--- WHAT IS NEEDED ---
Copy every entry verbatim and skip the pictures.

--- THE DATA ---
* * * *
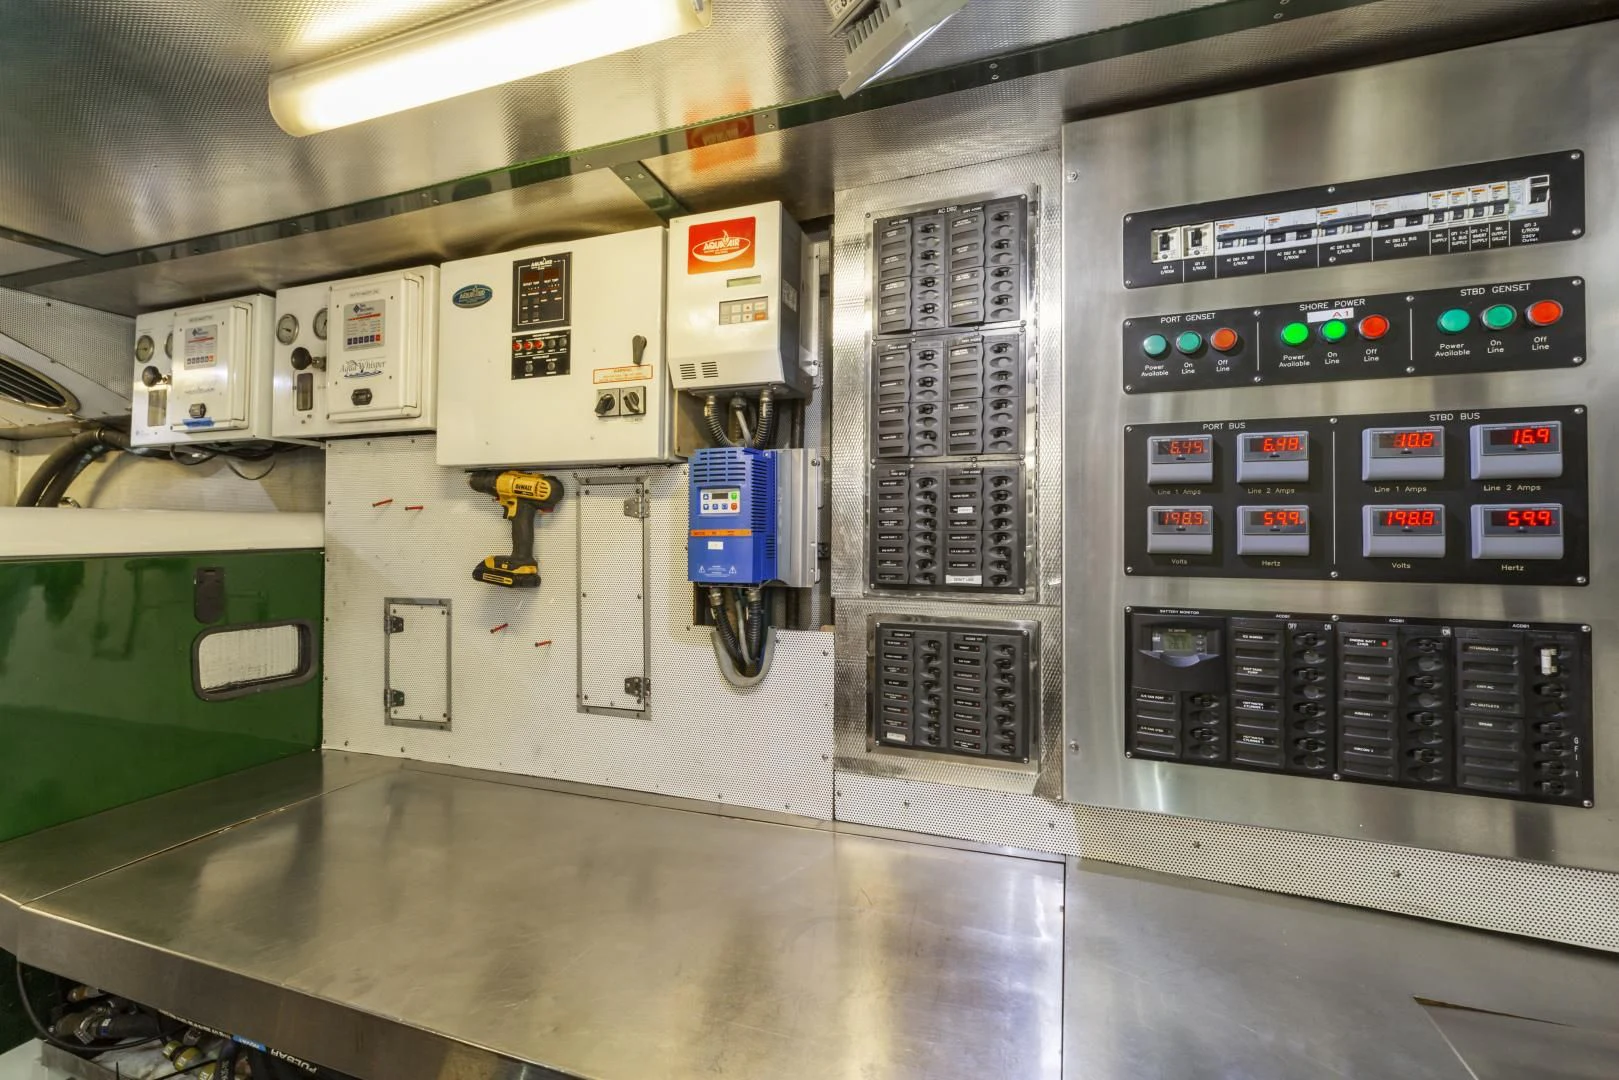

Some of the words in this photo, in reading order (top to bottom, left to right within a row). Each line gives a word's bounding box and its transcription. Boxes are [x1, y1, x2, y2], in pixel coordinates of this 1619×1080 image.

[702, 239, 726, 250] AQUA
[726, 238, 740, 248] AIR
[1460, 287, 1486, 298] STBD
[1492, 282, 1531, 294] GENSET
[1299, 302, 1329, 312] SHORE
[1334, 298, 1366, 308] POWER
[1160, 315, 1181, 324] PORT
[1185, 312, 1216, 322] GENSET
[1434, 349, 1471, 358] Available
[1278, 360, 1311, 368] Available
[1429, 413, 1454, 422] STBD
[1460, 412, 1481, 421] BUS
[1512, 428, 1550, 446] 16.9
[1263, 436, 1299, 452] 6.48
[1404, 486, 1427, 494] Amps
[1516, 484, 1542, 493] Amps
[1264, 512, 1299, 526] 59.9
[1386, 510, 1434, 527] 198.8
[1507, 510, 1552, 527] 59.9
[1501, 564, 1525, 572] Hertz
* * * *
--- YOUR RESPONSE ---
Some of the words in this photo, in reading order (top to bottom, left to right within a row). Each line gives a word's bounding box and its transcription. Boxes are [x1, y1, x2, y2], in pixel coordinates of this 1619×1080 image.

[702, 239, 726, 250] AQUA
[726, 238, 740, 248] AIR
[1460, 287, 1486, 298] STBD
[1492, 282, 1531, 294] GENSET
[1299, 302, 1329, 312] SHORE
[1334, 298, 1366, 308] POWER
[1160, 315, 1181, 324] PORT
[1185, 312, 1216, 322] GENSET
[1434, 349, 1471, 358] Available
[1278, 360, 1311, 368] Available
[1429, 413, 1454, 422] STBD
[1460, 412, 1481, 421] BUS
[1512, 428, 1550, 446] 16.9
[1263, 436, 1299, 452] 6.48
[1404, 486, 1427, 494] Amps
[1516, 484, 1542, 493] Amps
[1264, 512, 1299, 526] 59.9
[1386, 510, 1434, 527] 198.8
[1507, 510, 1552, 527] 59.9
[1501, 564, 1525, 572] Hertz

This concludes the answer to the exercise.